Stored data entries
##########
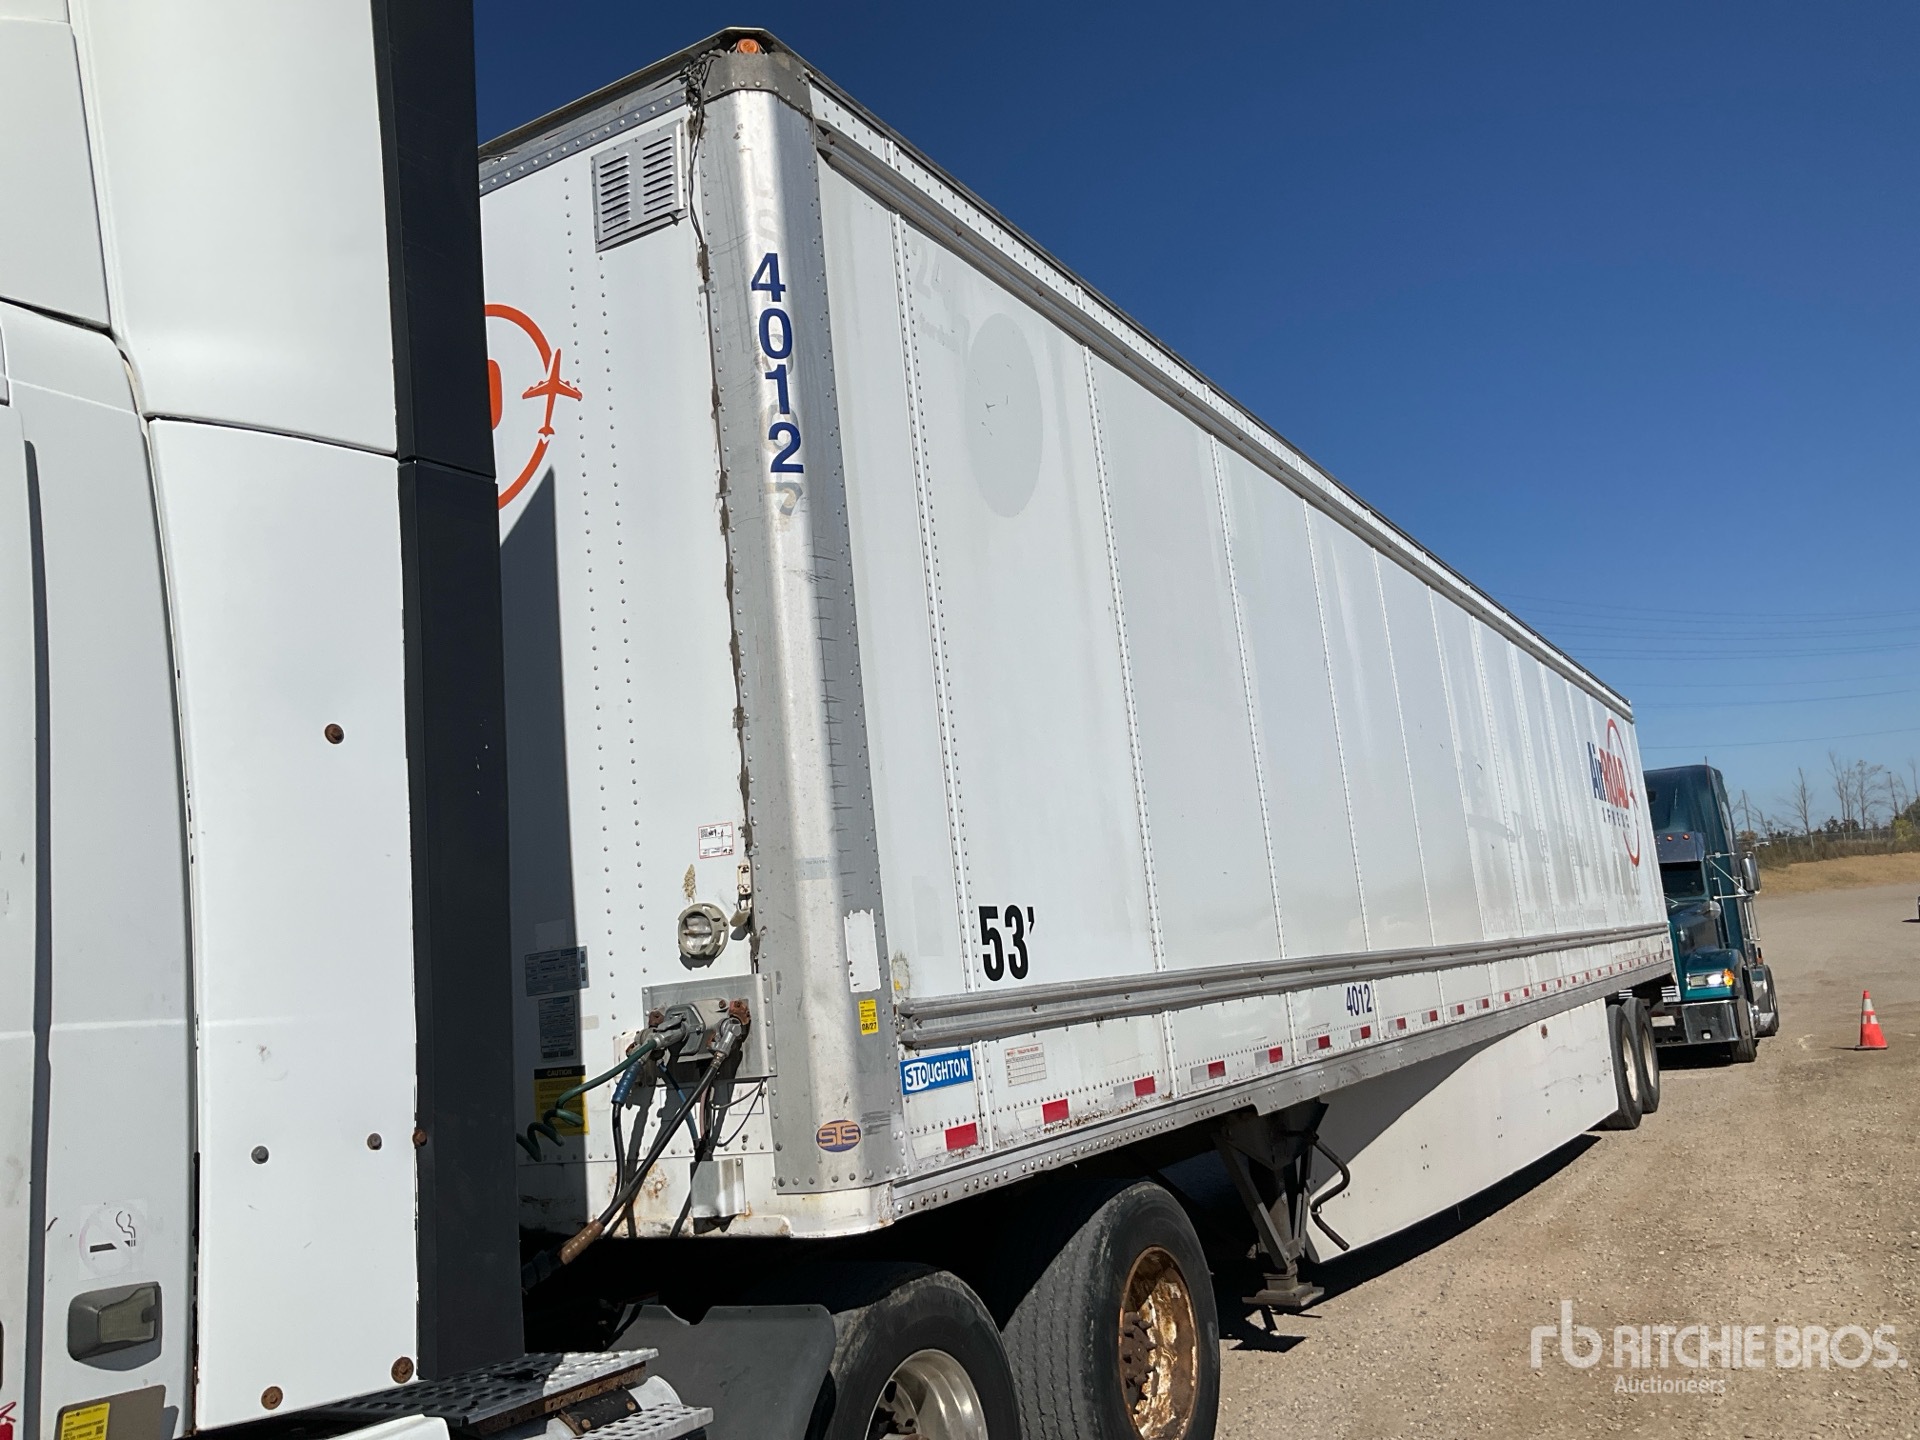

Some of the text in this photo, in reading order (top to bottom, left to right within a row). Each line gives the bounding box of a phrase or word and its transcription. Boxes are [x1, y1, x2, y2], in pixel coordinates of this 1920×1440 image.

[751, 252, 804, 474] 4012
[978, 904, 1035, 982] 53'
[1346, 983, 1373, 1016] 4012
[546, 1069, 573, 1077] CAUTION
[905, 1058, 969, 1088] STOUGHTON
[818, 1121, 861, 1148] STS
##########
Try it: When you copy the records above, keep every word exact but leave out the pictures.

Output below:
Some of the text in this photo, in reading order (top to bottom, left to right within a row). Each line gives the bounding box of a phrase or word and its transcription. Boxes are [x1, y1, x2, y2], in pixel coordinates of this 1920×1440 image.

[751, 252, 804, 474] 4012
[978, 904, 1035, 982] 53'
[1346, 983, 1373, 1016] 4012
[546, 1069, 573, 1077] CAUTION
[905, 1058, 969, 1088] STOUGHTON
[818, 1121, 861, 1148] STS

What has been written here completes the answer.